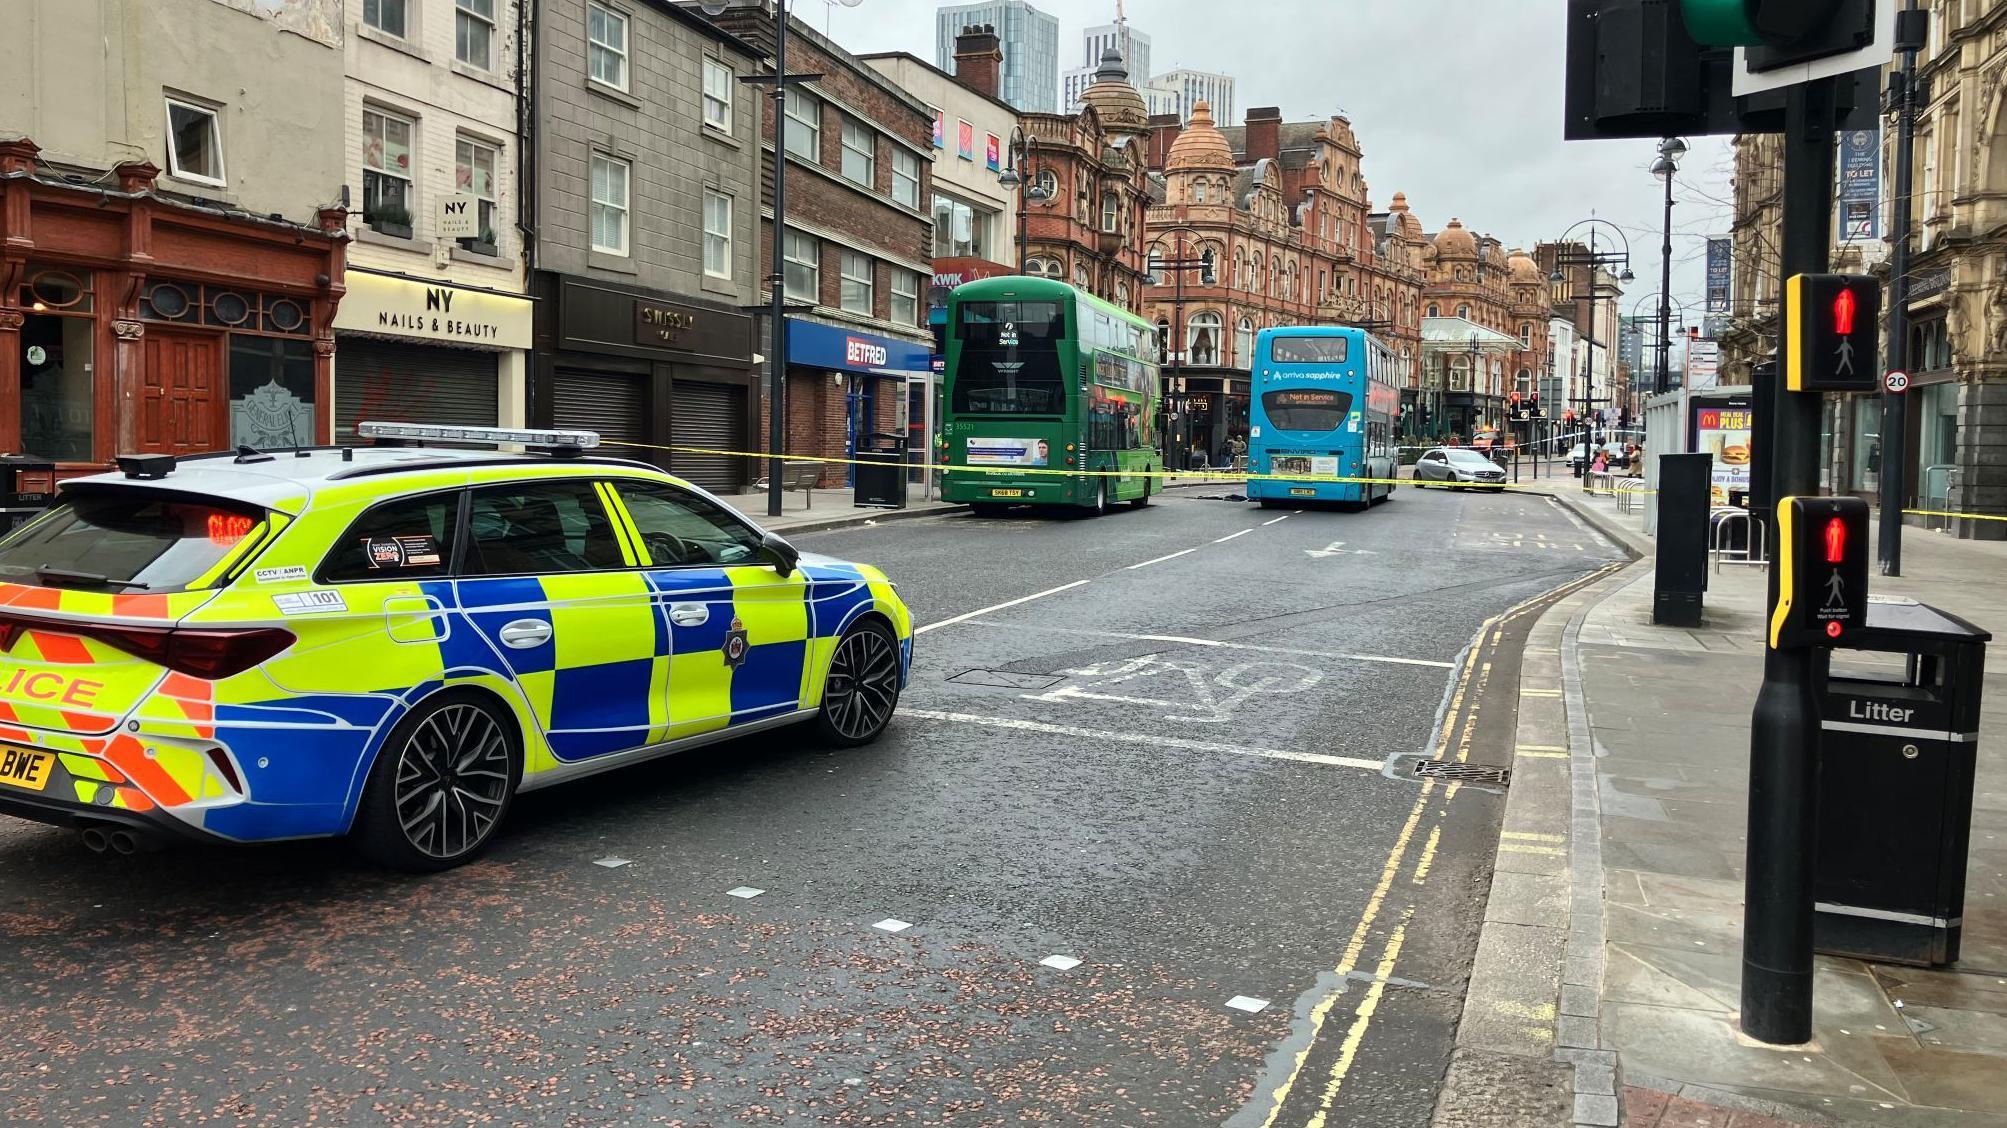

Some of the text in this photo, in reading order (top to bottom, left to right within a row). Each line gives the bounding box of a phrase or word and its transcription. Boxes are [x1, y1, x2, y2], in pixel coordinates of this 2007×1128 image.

[1846, 170, 1858, 178] TO
[445, 201, 467, 214] NY
[932, 272, 963, 286] KWIK
[426, 287, 454, 313] NY
[379, 312, 498, 338] NAILS & BEAUTY
[847, 340, 887, 366] BETFRED
[1282, 371, 1341, 380] arriva sapphire
[1888, 377, 1907, 386] 20
[1311, 393, 1334, 401] Service
[1719, 417, 1744, 430] PLUS
[372, 545, 398, 553] VISION
[374, 551, 400, 562] ZERO
[256, 569, 278, 577] CCTV
[313, 592, 340, 604] 101
[0, 668, 104, 709] ICE
[1849, 700, 1915, 723] Litter
[0, 750, 45, 782] BWE

WHAT YOU ARE ASKED TO DO – Pictures aren't part of the copy; return each record above exactly.

RESPONSE TO THE TASK –
Some of the text in this photo, in reading order (top to bottom, left to right within a row). Each line gives the bounding box of a phrase or word and its transcription. Boxes are [x1, y1, x2, y2], in pixel coordinates of this 2007×1128 image.

[1846, 170, 1858, 178] TO
[445, 201, 467, 214] NY
[932, 272, 963, 286] KWIK
[426, 287, 454, 313] NY
[379, 312, 498, 338] NAILS & BEAUTY
[847, 340, 887, 366] BETFRED
[1282, 371, 1341, 380] arriva sapphire
[1888, 377, 1907, 386] 20
[1311, 393, 1334, 401] Service
[1719, 417, 1744, 430] PLUS
[372, 545, 398, 553] VISION
[374, 551, 400, 562] ZERO
[256, 569, 278, 577] CCTV
[313, 592, 340, 604] 101
[0, 668, 104, 709] ICE
[1849, 700, 1915, 723] Litter
[0, 750, 45, 782] BWE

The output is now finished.